The two options markets, OTC and exchange traded, are competitors to some extent, but they also complement each other. Traders use both markets in determining the movement of prices, and are alert to any arbitrage opportunities that may develop between the two markets.
Dealers in the OTC market may buy and sell options on the organized exchanges as part of the management of their own OTC positions,hedging or laying off part of an outstanding position in an exchange market.
The Pricing of Currency Options '
It is relatively easy to determine the value of a European option at its expiration. The value of a
European option at expiration is its intrinsic value—the absolute amount by which the strike price of the option is more advantageous to the holder that the spot exchange rate.

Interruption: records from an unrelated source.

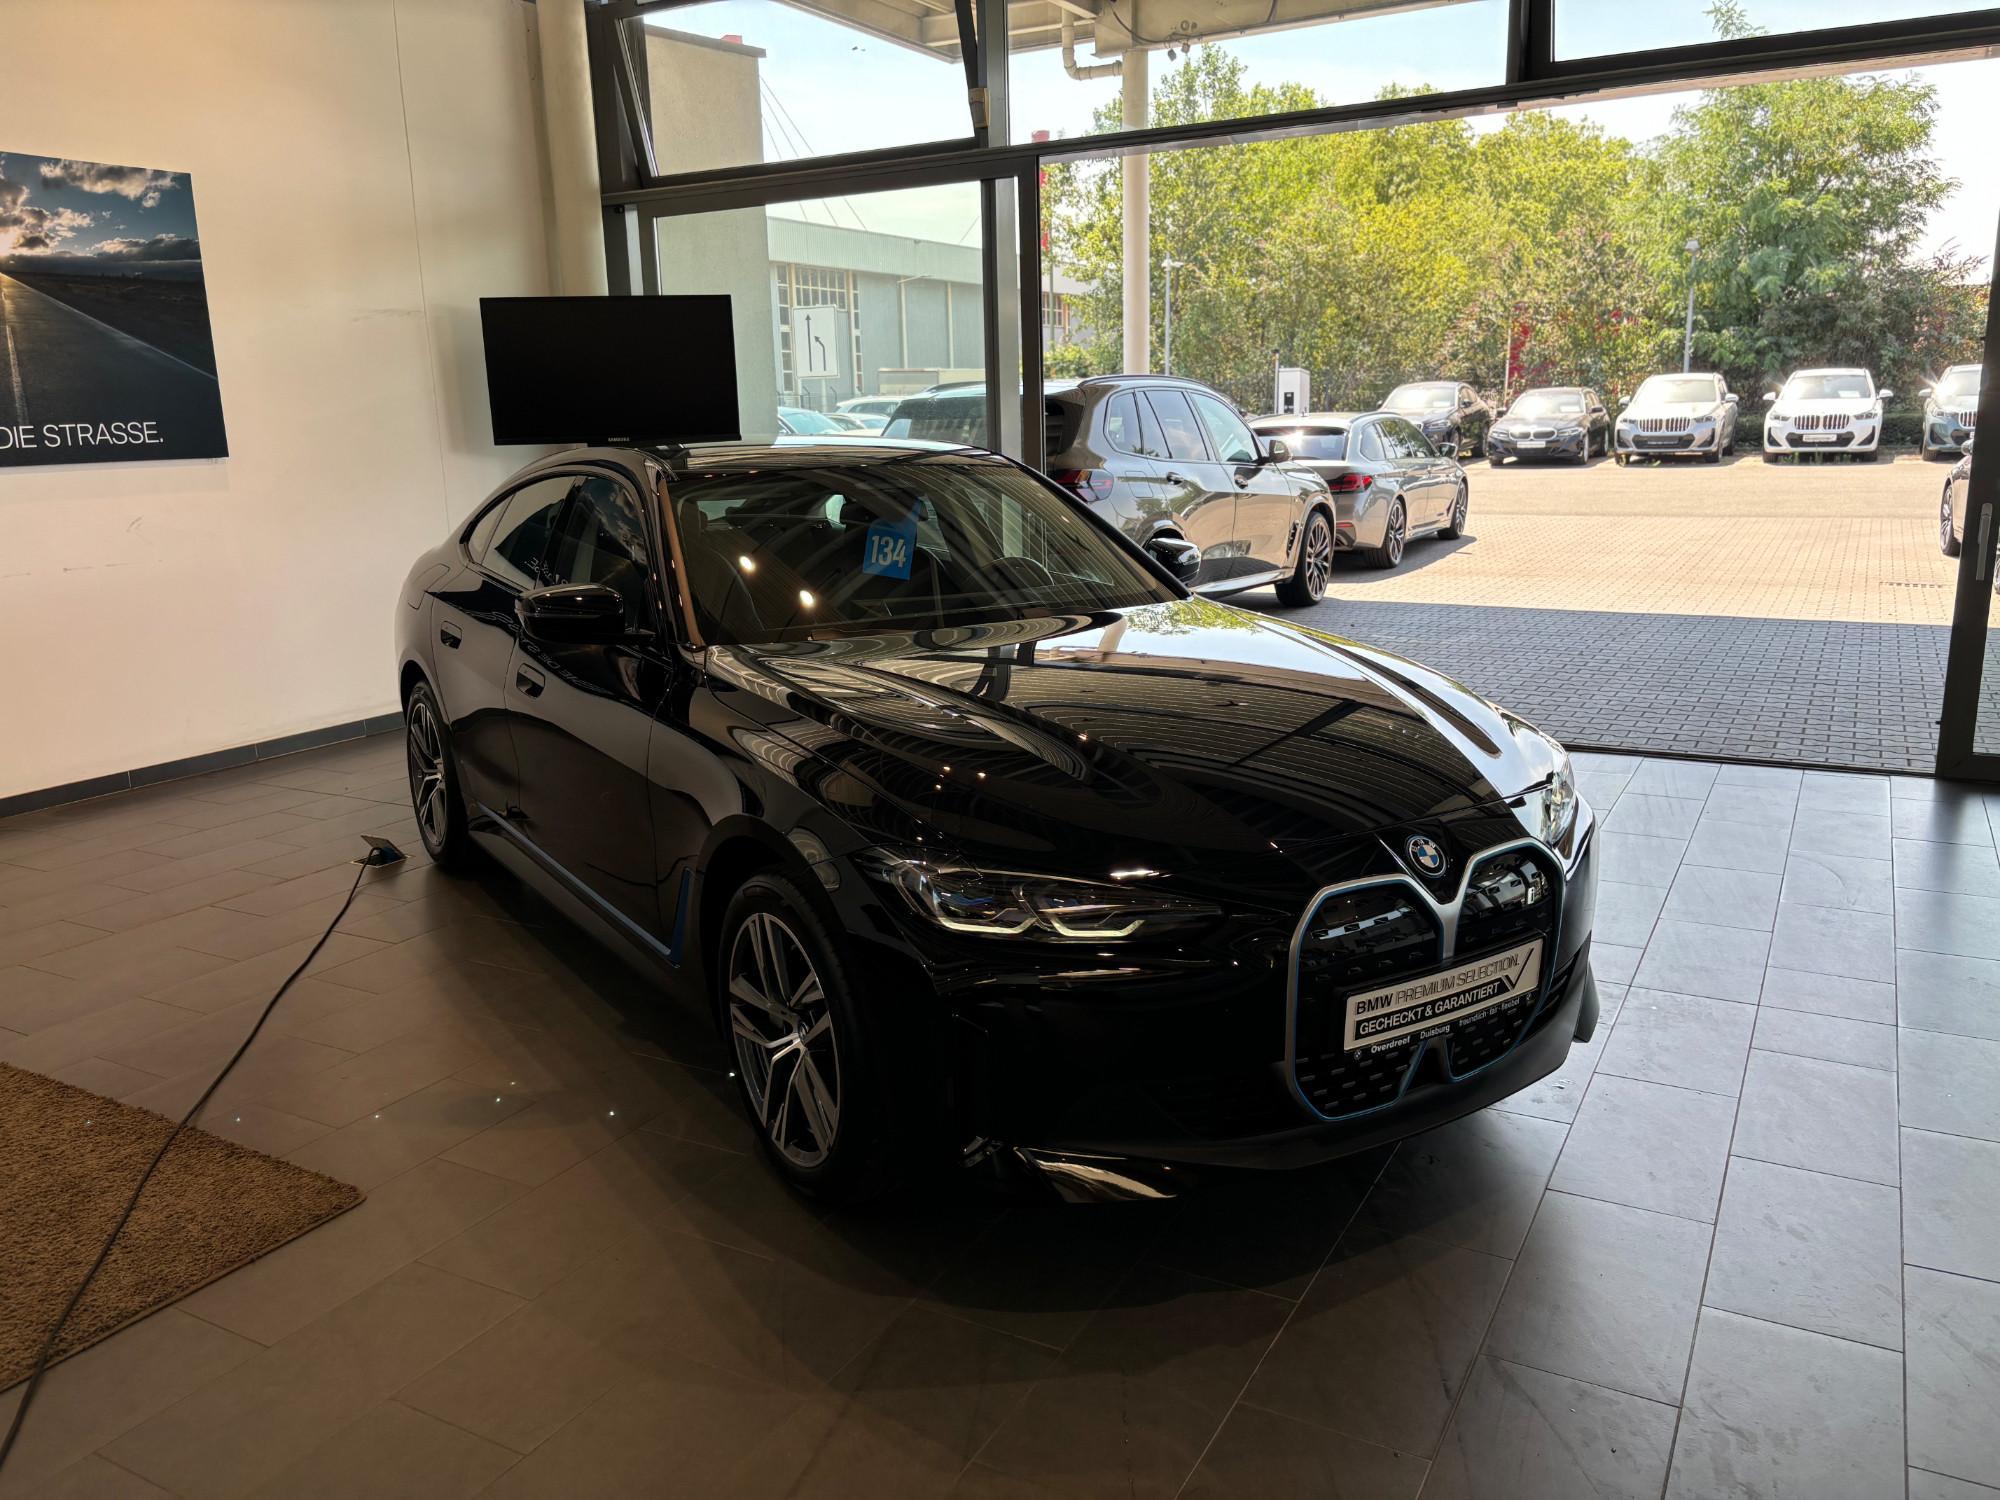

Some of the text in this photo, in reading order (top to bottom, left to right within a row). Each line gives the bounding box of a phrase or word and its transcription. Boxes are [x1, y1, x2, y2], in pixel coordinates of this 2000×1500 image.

[0, 421, 164, 449] DIE STRASSE.
[871, 535, 907, 569] 134
[1356, 993, 1394, 1015] BMW
[1396, 976, 1455, 1004] PREMIUM
[1359, 981, 1501, 1035] GECHECKT & GARANTIERT
[1420, 1024, 1451, 1039] Duisburg

If at expiration the strike price is more advantageous than the spot rate of the underlying, the option is “in the money”; if the difference between the strike price and the spot rate is zero, the position is “at the money”; if the strike price is less advantageous than the spot rate, the option is “out of the money.” Determining the price of an option prior to expiration, on the other hand, is much more difficult.
Before expiration, the total value of an option is based, not only on its intrinsic value (reflecting the difference between the strike price and the then current exchange rate), but also on what is called its time value, which is the additional value that the market places on the option, reflecting the time remaining to maturity, the forecast volatility of the exchange rate, and other factors.